You can even solve it as \(2,4,6,NO\). This is because \(NO\) is a valid number expressed in base 25. In this case its decimal form is 599 which we can verify with some code⁴:

num = "NO"
# Convert the input string to uppercase to handle lowercase input
num <- toupper(num)

# Define a vector of characters representing the base 25 digits
digits <- c(1:9,LETTERS)[1:(25-1)]

# Initialize a variable to store the decimal value
decimal <- 0

# Loop through each character in the input string
for (i in seq(nchar(num))) {
  # Get the current character
  char <- substr(num, i, i)
  
  # Get the corresponding base 25 digit value
  value <- match(char, digits)

  # Add the digit value times 25^exponent to the decimal value
  exponent <- nchar(num) - i
  decimal <- decimal + value * 25^exponent
}
decimal

[1] 599

For questions giving 3 numbers and asking for a fourth we’d find the inverse Vandermonde as:

\[ \frac{1}{6} \begin{pmatrix} 24 & -36 & 24 & -6\\ -26 & 57 & -42 & 11\\ 9 &-24 & 21 &-6\\ -1 & 3 & -3 & 1 \end{pmatrix} \tag{1}\]

We can then multiply this by the asserted \(Tn\) values to solve for the (better named) coefficients of our 4th order polynomial and solve in terms of \(NO\) to get:

\[ \begin{pmatrix} \alpha_0\\ \alpha_1\\ \alpha_2\\ \alpha_3 \end{pmatrix} = \frac{1}{6} \begin{pmatrix} 24 & -36 & 24 & -6\\ -26 & 57 & -42 & 11\\ 9 &-24 & 21 &-6\\ -1 & 3 & -3 & 1 \end{pmatrix} \begin{pmatrix} 2\\ 4\\ 6\\ NO \end{pmatrix} = \frac{1}{6} \begin{pmatrix} -6(NO-8)\\ 11(NO-8)+12\\ -6(NO-8)\\ (NO-8) \end{pmatrix} = \begin{pmatrix} -\gamma\\ \frac{11}{6}\gamma+2\\ -\gamma\\ \frac{1}{6}\gamma \end{pmatrix} \]

where I’ve obviously just introduced \(\gamma=591\) for simplicity. Then:

\[ T_n = \alpha_3n^3 +\alpha_2n^2 +\alpha_1n^1 +\alpha_0 =\gamma\left(\frac{1}{6}n^3 - n^2 + (\frac{11\gamma+12}{6\gamma})n - 1\right) \tag{2}\]

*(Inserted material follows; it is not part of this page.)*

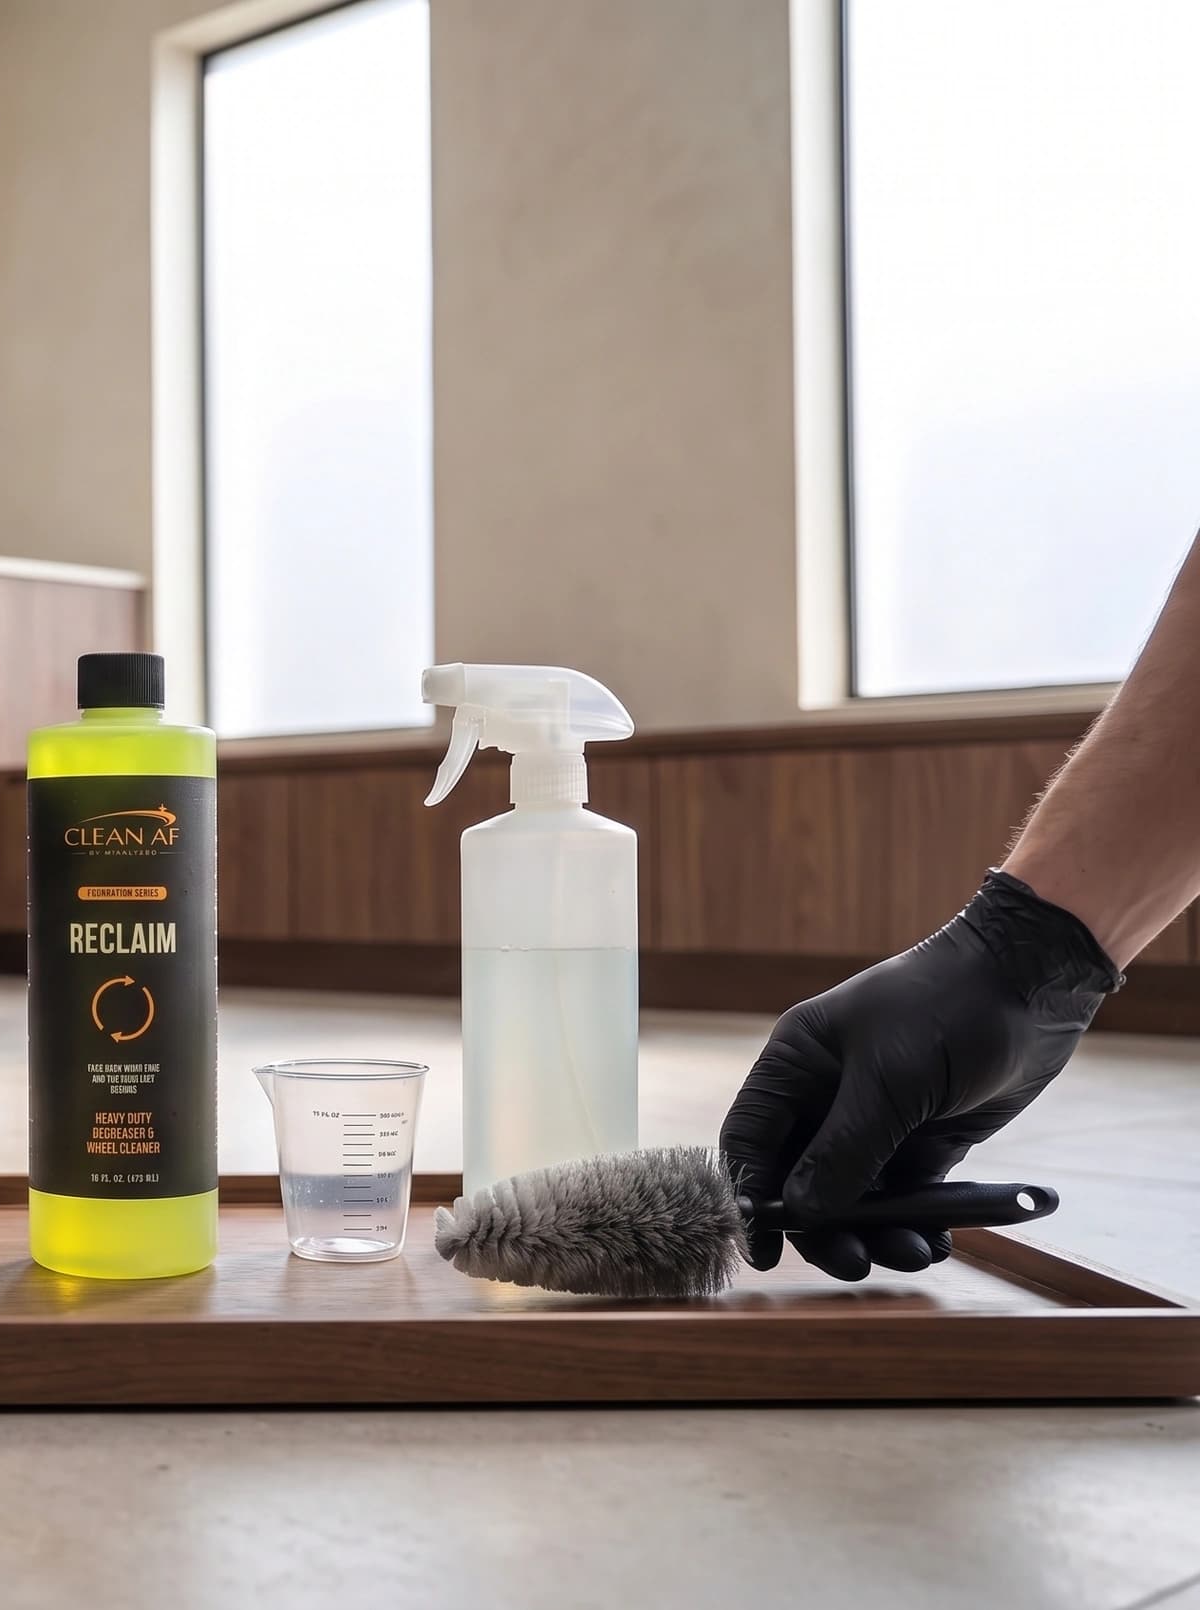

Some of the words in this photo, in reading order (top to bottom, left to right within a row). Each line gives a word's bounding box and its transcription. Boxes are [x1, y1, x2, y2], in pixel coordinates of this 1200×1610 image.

A sweet hack to find the coefficients of your polynomial is just to do a linear model. Here’s code comparing our analytic solution to one derived using the lm function:

# Some helper functions:
coefTn = function(NO=599) {
  # Get the coefficients directly from our equations
  gam=NO-8
  list(a0 = -gam,
       a1 = ((11*gam+12)/(6)),
       a2 = -gam,
       a3 = gam/6)
}
coefLm = function(fit){
  # Get the coefficients from a linear model with same formatting as coefTn function
  result = as.list(unname(coef(fit)))
  names(result) = paste0('a',seq(from=0,to=3,by=1))
  result
}
Tn = function(n, NO=599) {
  # Call Tn using the coefficients we got from our inverted Vandermonde
  with(coefTn(NO=NO), {
    a3*n^3 + a2*n^2 + a1*n + a0
  })
}

# Plot the points:
NO = 599
y = c(2,4,6,NO)
x = seq_along(y)
plot(x, y, xlim=range(x), ylim=range(y))

# Plot the analytically derived polynomial as well as the one derived from lm:
xx <- seq(min(x)-1, max(x)+2, length.out=250)
fit = lm(y ~ 1 + I(x) + I(x^2) + I(x^3))
yy.lm = predict(fit, data.frame(x=xx))
yy.Tn = Tn(xx, NO=NO)

lines(xx, yy.lm, col='blue')
lines(xx, yy.Tn, col='red', lt=2)

Let’s check the coefficients we derived for Tn match with the linear models coefficients:

tibble(
  coef=names(coefLm(fit)),
  coef_lm = coefLm(fit),
  coef_Tn = coefTn(NO=NO)
) %>%
  unnest(contains('_'))

# A tibble: 4 × 3
  coef  coef_lm coef_Tn
  <chr>   <dbl>   <dbl>
1 a0     -591.   -591  
2 a1     1086.   1086. 
3 a2     -591.   -591  
4 a3       98.5    98.5

Another quick note, in this case we’ve done a trick using polynomials which are a series incorporating the \(x^n\) basis functions. We could have used for example the \(\sin(nx)\) basis functions in which case we’d find ourselves looking into Fourier analysis. I just wanted to mention that.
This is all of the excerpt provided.